Here’s how that sets you up for a great investment opportunity…
Buffett Does It Again
Buffett has gone shopping in the stock bargain basement across the Pacific known as Japan. His surprise bet on five Japanese companies has nearly tripled in size to, $17 billion, in under three years. The surge partially reflects the buying of more shares, but also the companies’ stock prices soaring to multi-decade highs.
Buffett’s Berkshire Hathaway (BRK.B) conglomerate disclosed 5% stakes in five Japanese trading houses—Itochu (ITOCY), Marubeni (MARUY), Mitsubishi (MSBHF), Mitsui (MITSY), and Sumitomo (SSUMY)—in August 2020. Berkshire has ramped up those positions to about 7.4% across the board, Buffett disclosed in May.
Since Buffett’s original purchase—at what he called “ridiculously” cheap valuations—the five stocks have gained, on average, in excess of 180%!
This is representative of what is going on with Japanese stocks as a whole recently: Japan’s Nikkei 225 index has jumped about 27% this year, outstripping the gains for the S&P 500 (18.6%). The Nikkei has not been this high for more than 33 years!
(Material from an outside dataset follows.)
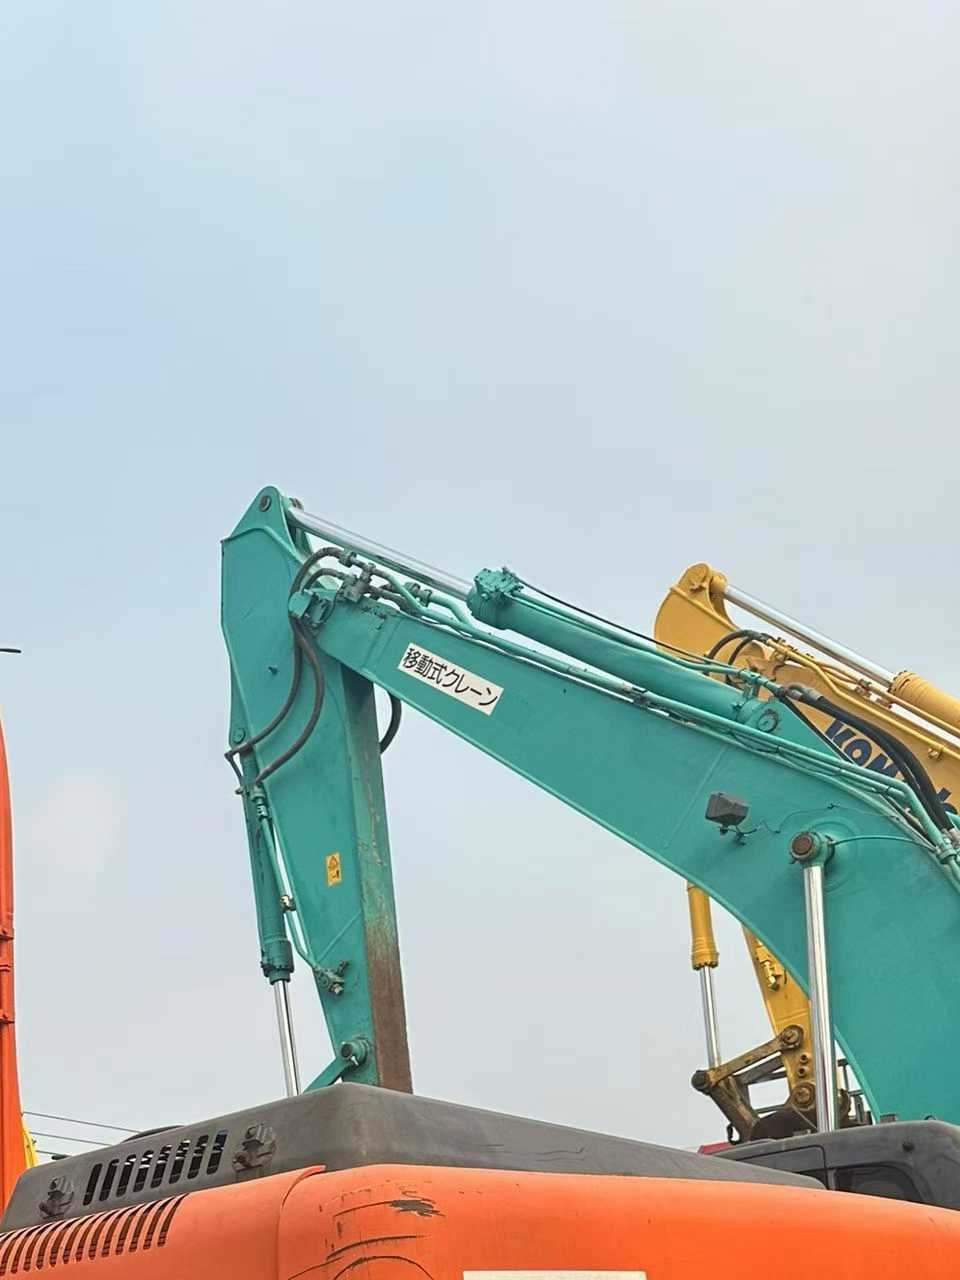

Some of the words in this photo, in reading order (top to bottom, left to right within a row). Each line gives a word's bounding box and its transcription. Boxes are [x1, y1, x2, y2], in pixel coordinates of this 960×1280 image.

So how can you join Buffett’s profitable foray into Japan, while picking up a decent dividend as well? Let me show you…
Aberdeen Japan Equity Fund
You can do so through a closed-end fund: the Aberdeen Japan Equity Fund (JEQ).
Taking a close look, we find that the JEQ portfolio is heavily invested in large- and mega-cap stocks. These are largely quality growth stocks, with some value there too.
Diving into the fund’s sector breakdown, its 20% allocation to the tech sector is about 6% more than you’d find in a plain vanilla Japanese equity fund portfolio. Cyclicals are slightly underweight, while defensive sectors, including consumer staples (12.2%) and healthcare (11%) are overweight. And industrial stocks—the traditional strength of the Japanese economy—have an 18% allocation.
JEQ’s top position is the entertainment giant, Sony (SONY); some of its other top holdings include the technology-related firms Advantest (ATEYY) and Keyence (KYCCF), the insurance firm Tokio Marine (TKOMY), and the food and beverage company Asahi Group Holdings (ASBRF). All in all, there’s actually a fairly nice mix of exposures that doesn’t really lean too far one way or another toward growth or value.
The fund holds only about 70 stocks names overall, but it’s not overly concentrated. No individual stock makes up more than a 5% position, so there’s little idiosyncratic risk. In fact, some of the large-cap names at the top of the portfolio add a degree of stability.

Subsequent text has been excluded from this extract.